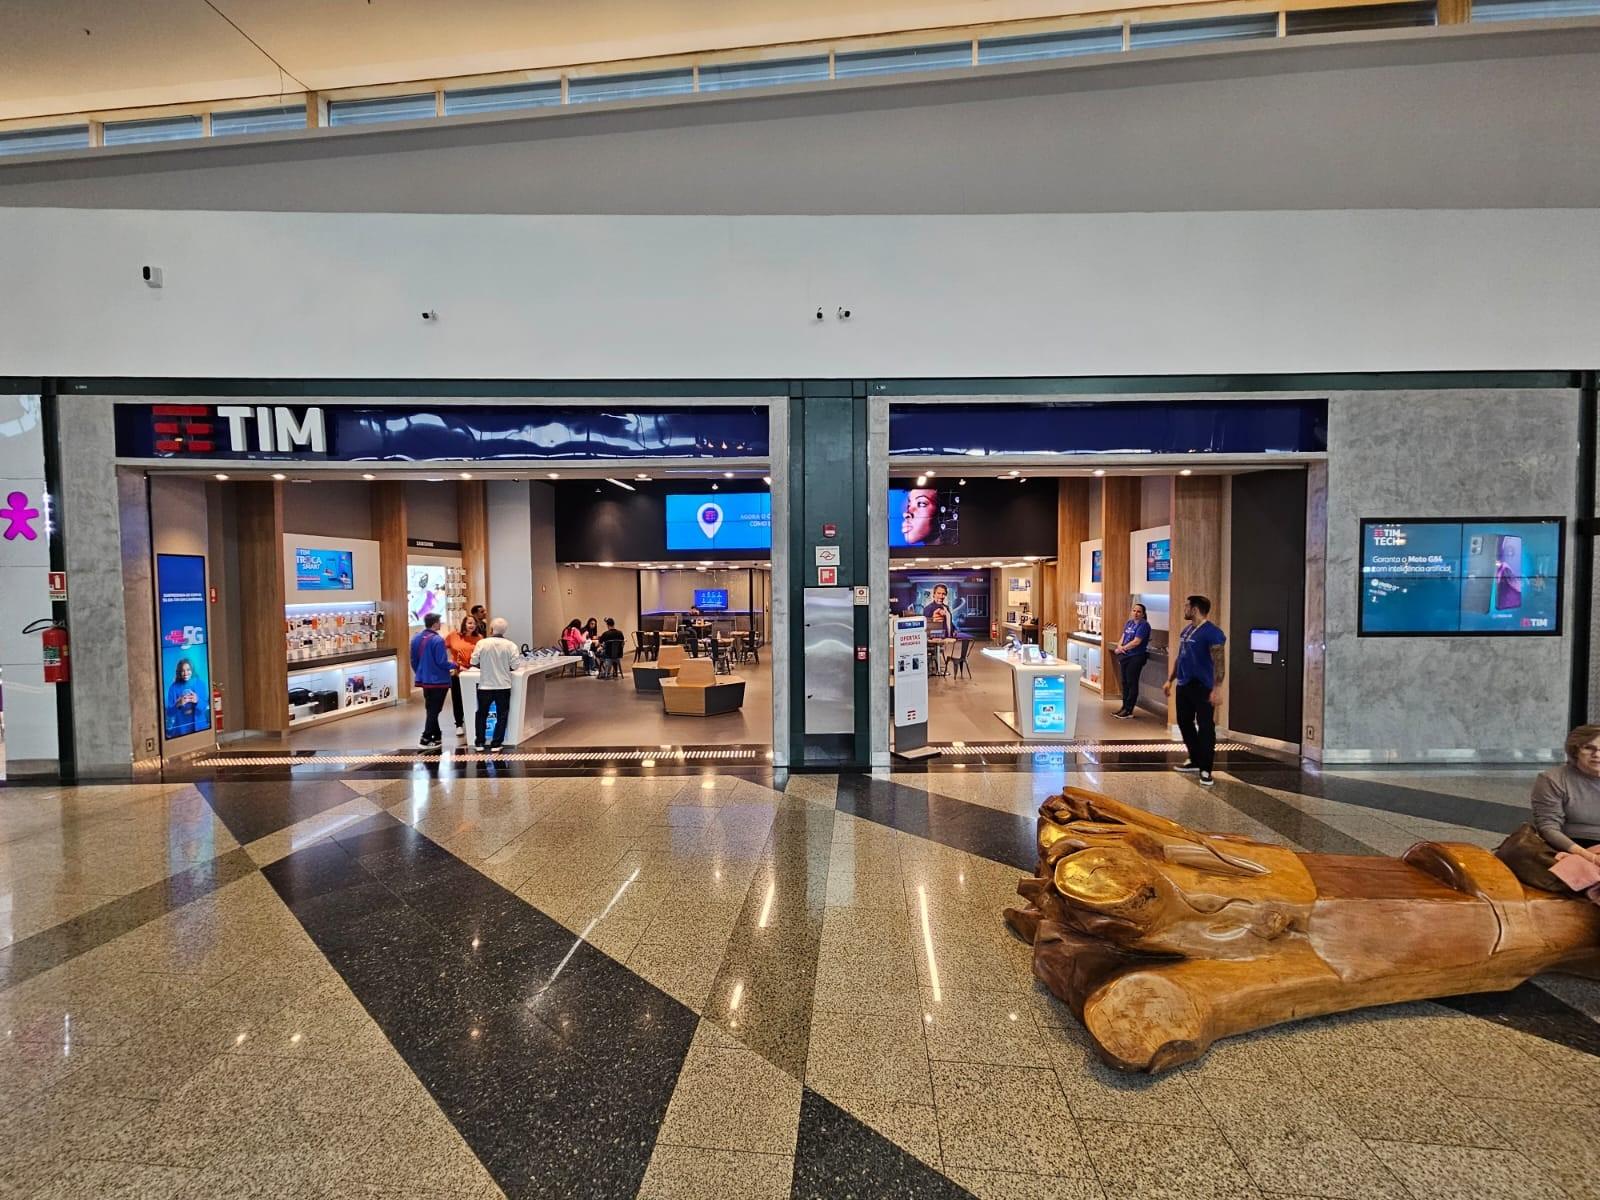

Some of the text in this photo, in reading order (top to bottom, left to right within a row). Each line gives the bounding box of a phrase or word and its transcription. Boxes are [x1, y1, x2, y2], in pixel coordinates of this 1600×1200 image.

[217, 406, 327, 452] TIM
[1383, 529, 1401, 537] TIM
[1372, 555, 1401, 563] Garanta
[1408, 555, 1427, 563] Moto
[1529, 618, 1548, 627] TIM
· · · · ·
Leave the images out and output the remaining material exactly as it stands.

Some of the text in this photo, in reading order (top to bottom, left to right within a row). Each line gives the bounding box of a phrase or word and its transcription. Boxes are [x1, y1, x2, y2], in pixel coordinates of this 1600×1200 image.

[217, 406, 327, 452] TIM
[1383, 529, 1401, 537] TIM
[1372, 555, 1401, 563] Garanta
[1408, 555, 1427, 563] Moto
[1529, 618, 1548, 627] TIM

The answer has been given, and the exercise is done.